See any similarities with the Damien Hirst painting?

Source: Pixabay w/ Pixabay license.

So it is with life. Normally, as a whole, the universe is becoming more disordered as time goes by. But then how has life been able to evolve—in other words, become more ordered—as it went along? The answer is that biological life is not a closed system. It's an open system that gets free energy from the sun. As a whole, existence tends toward disorder. But in the meantime, and in part, we can have small and rare pockets of order.

Now that we got our entropy 101 out of the way, we can move on to how beauty fits into all this.

Beauty — How does it fit?

Fechin_adoratskaya.jpg

A fechin' example of non-entropic art, though I much prefer his drawings.

Source: http://www.artsait.ru/art/f/feshin/art1.php w/ Public Domain license.

More abstractly—and I don't just mean in an abstract painting kind of way—you can imagine the universe as a bunch of randomly arranged billiard balls sitting on a billiard table. Some parts of the green cloth might have tight arrangements of billiard balls on them, and some might be completely empty. Ultimately, the second law of thermodynamics demands that the billiard balls be equally spaced throughout all the available area. Every atom will be at a distance from every other atom, so that nothing will interact with anything, and everything will be dead. If you think the picture that heads this article is beautiful, then you'll think entropy is beautiful (you nihilist you!)

But chances are that you don't find empty blackness (what the vast majority of the universe looks like) beautiful. You probably equate beauty with order. You think a tree is beautiful. That's order. You think an animal is beautiful. That's order. You think a waterfall is beautiful.
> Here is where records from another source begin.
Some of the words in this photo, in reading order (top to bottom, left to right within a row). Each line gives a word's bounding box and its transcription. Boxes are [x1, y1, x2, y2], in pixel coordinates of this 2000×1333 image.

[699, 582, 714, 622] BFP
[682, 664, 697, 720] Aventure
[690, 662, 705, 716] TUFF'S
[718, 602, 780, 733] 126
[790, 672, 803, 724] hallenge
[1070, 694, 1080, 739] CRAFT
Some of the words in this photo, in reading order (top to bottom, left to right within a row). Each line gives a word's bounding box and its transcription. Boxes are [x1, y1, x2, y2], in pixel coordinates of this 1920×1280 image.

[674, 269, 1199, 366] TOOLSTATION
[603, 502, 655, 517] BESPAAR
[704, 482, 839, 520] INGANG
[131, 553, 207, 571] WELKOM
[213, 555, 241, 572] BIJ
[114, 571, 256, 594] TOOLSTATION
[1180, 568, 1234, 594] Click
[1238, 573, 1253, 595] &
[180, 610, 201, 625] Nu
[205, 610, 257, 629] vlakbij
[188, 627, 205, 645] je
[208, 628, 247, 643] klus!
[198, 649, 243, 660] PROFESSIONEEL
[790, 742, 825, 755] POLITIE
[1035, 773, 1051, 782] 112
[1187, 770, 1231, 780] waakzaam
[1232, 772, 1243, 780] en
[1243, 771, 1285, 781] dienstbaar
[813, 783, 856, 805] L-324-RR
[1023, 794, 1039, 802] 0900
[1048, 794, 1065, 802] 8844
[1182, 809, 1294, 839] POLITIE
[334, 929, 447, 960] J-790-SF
It might look chaotic, but that's order too.

But why do you think these things are beautiful? Or, in other words, why do you enjoy looking at order?

Here's a possible answer from the mouth of Winston Churchill:

To build may have to be the slow and laborious task of years. To destroy can be the thoughtless act of a single day.[2]

If Churchill's not your English cup of tea, here's another one in the same vein by Tariq Ramadan:

Criticizing to destroy is easy, thinking in order to build is much more difficult to achieve.[3]

Don't like reading quotes by people you don't know? Then how about this one by Nelson Mandela:

It is so easy to break down and destroy. The heroes are those who make peace and build.[4]

By now you've probably figured out that many people came up with the same basic insight. Even you might've quipped a couple times about how easy it is to destroy someone's trust and how difficult it is to build it.

Let's move a little bit closer to art, since we're talking about beauty. If you ever tried drawing with charcoal, you know how easy it is to remove hours of work with a careless sweep of your sleeve. Tibetan Buddhist monks who make sand mandalas make an active practice of this, spending hours on creating a sand mandala just to destroy it with a couple motions at the end. This ingrains the transitory nature of life into their minds and trains them psychologically in the ways of non-attachment.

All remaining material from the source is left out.